** Opening Available data block **

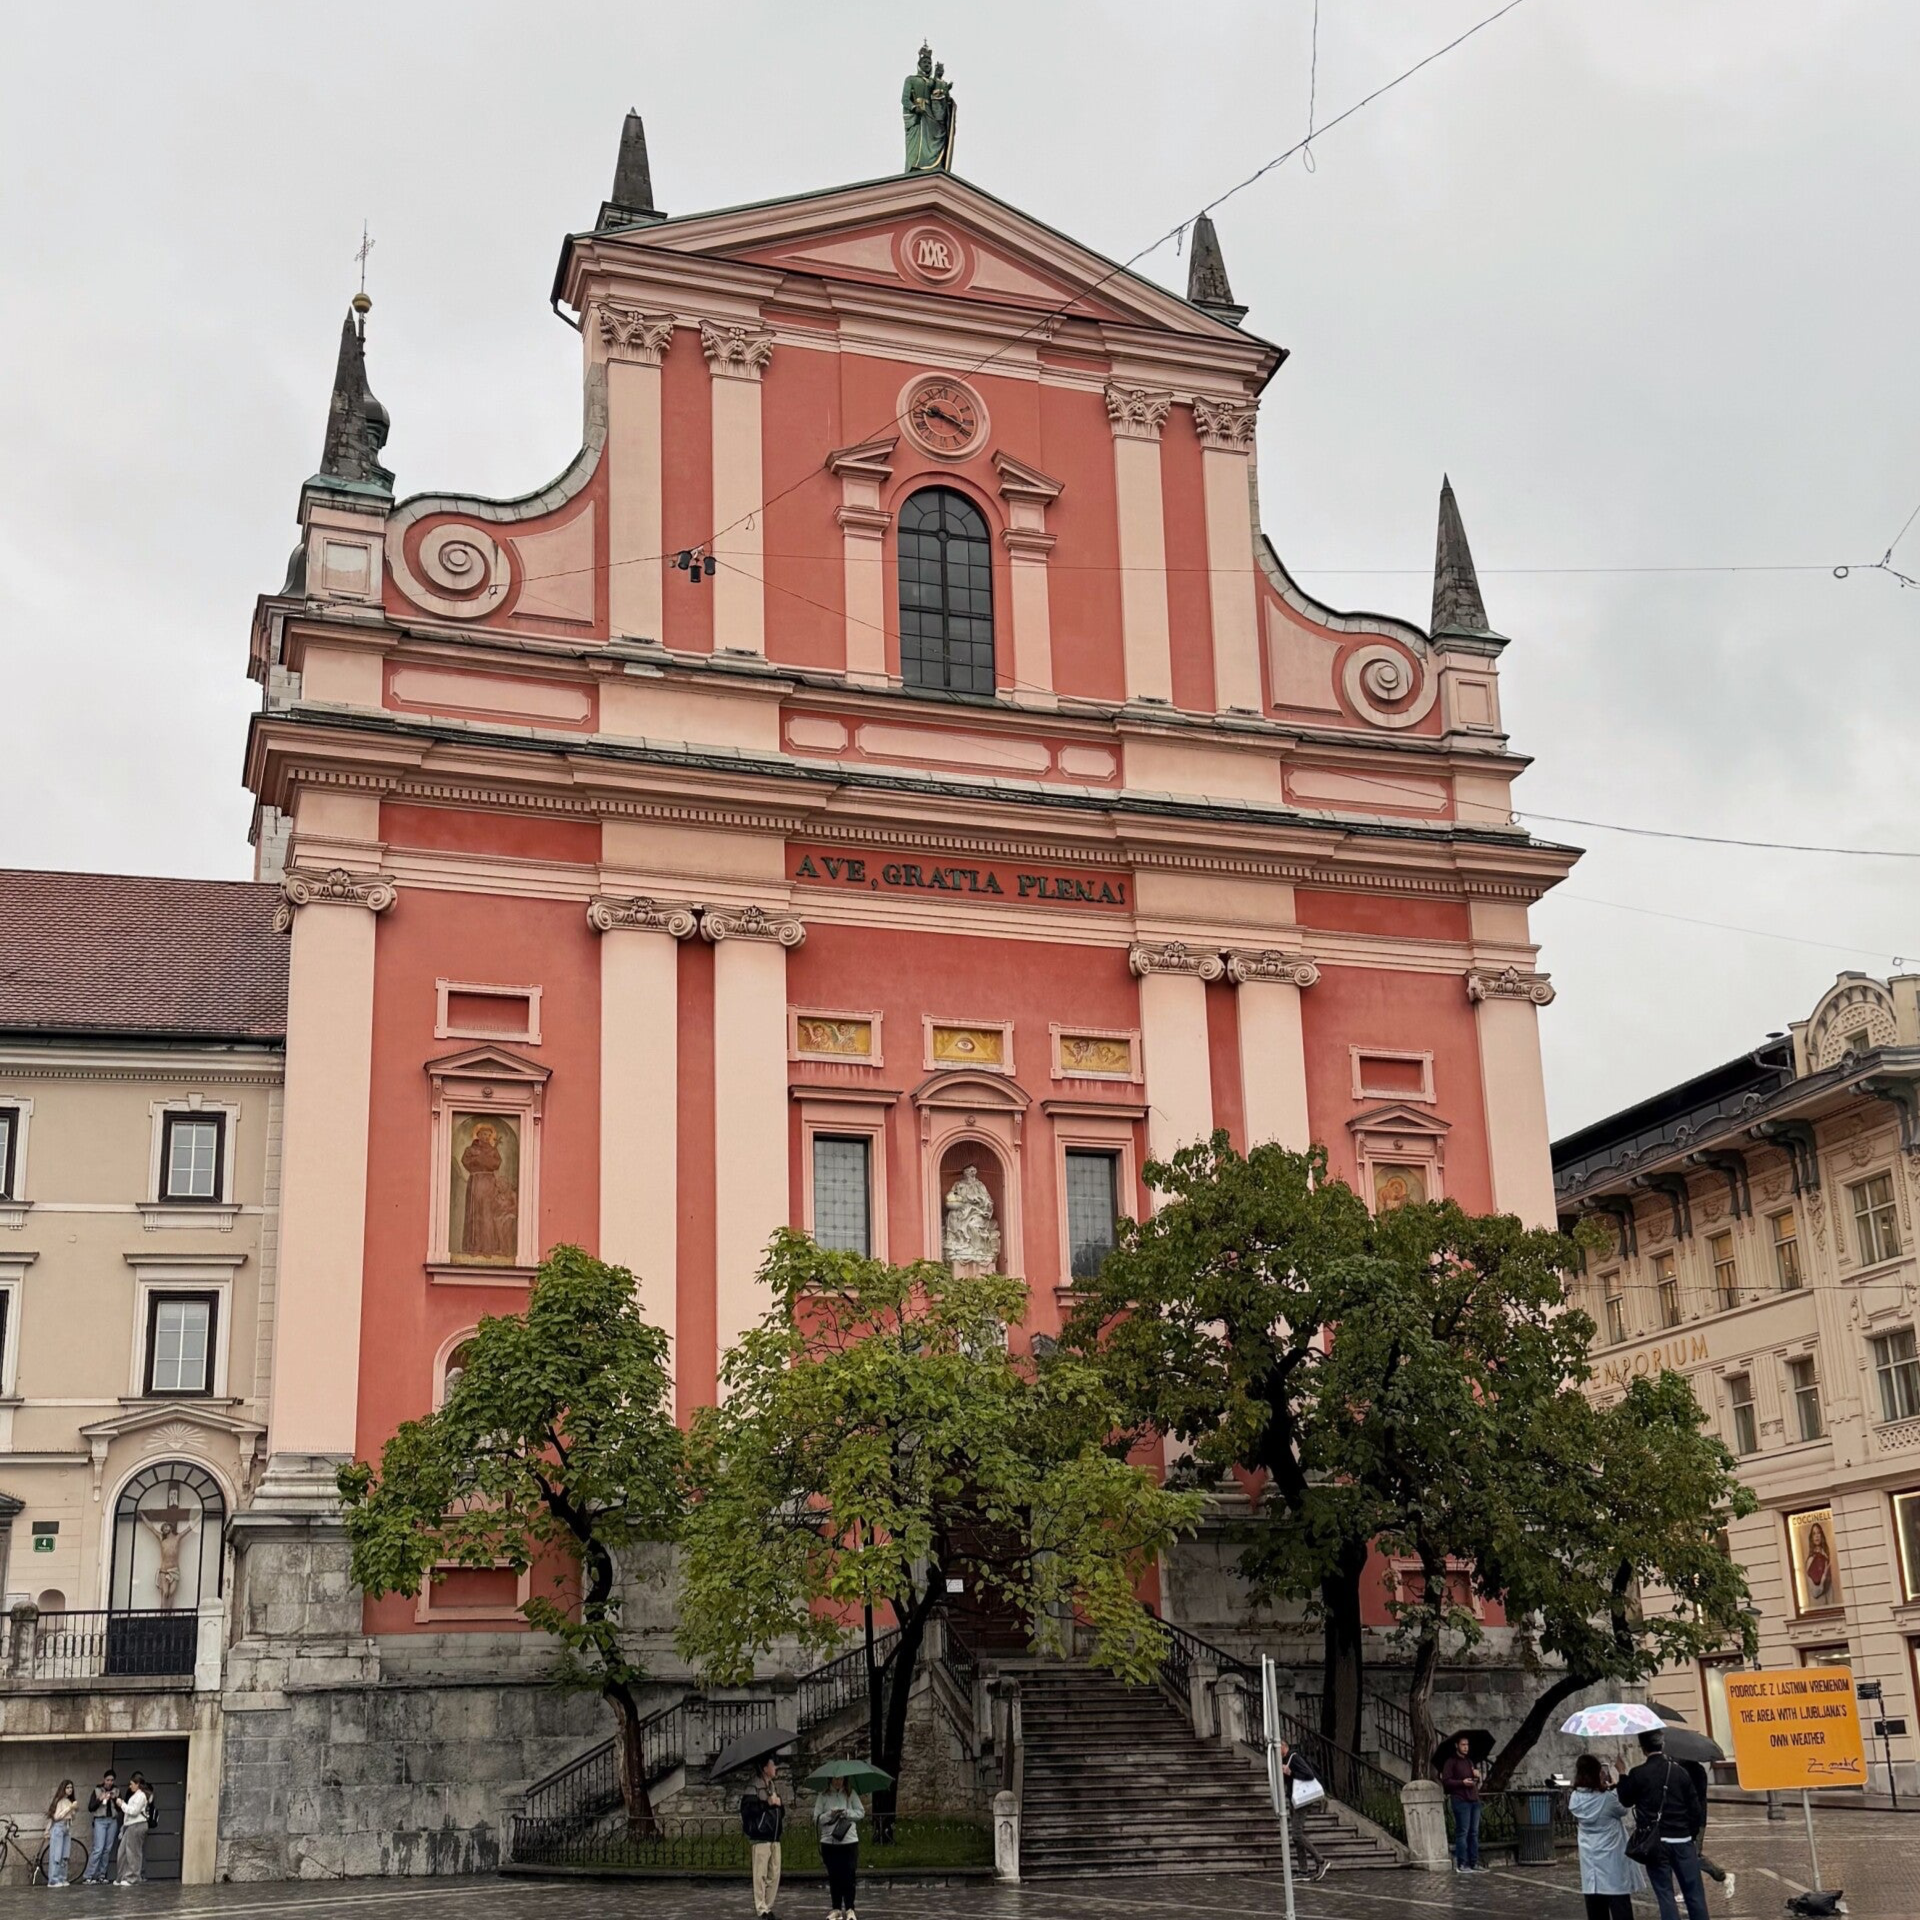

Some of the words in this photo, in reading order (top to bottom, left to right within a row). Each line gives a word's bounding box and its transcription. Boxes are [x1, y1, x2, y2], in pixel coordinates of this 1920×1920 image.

[882, 864, 1004, 894] GRATIA
[1017, 874, 1126, 905] PLENA!
[1592, 1334, 1709, 1390] EMPORIUM
[1769, 1682, 1775, 1696] Z
[1776, 1681, 1807, 1696] LASTNIM
[1809, 1679, 1850, 1693] VREMENOM
[1740, 1710, 1755, 1723] THE
[1757, 1708, 1775, 1722] AREA
[1777, 1707, 1797, 1720] WITH
[1799, 1704, 1847, 1720] LJUBLJANA'S
[1770, 1733, 1788, 1748] OWN
[1790, 1731, 1826, 1746] WEATHER

** Closing Available data block **

● **What you need to do**
Copy out the listing above in full and leave out its pictures.

● **Response**
Some of the words in this photo, in reading order (top to bottom, left to right within a row). Each line gives a word's bounding box and its transcription. Boxes are [x1, y1, x2, y2], in pixel coordinates of this 1920×1920 image.

[882, 864, 1004, 894] GRATIA
[1017, 874, 1126, 905] PLENA!
[1592, 1334, 1709, 1390] EMPORIUM
[1769, 1682, 1775, 1696] Z
[1776, 1681, 1807, 1696] LASTNIM
[1809, 1679, 1850, 1693] VREMENOM
[1740, 1710, 1755, 1723] THE
[1757, 1708, 1775, 1722] AREA
[1777, 1707, 1797, 1720] WITH
[1799, 1704, 1847, 1720] LJUBLJANA'S
[1770, 1733, 1788, 1748] OWN
[1790, 1731, 1826, 1746] WEATHER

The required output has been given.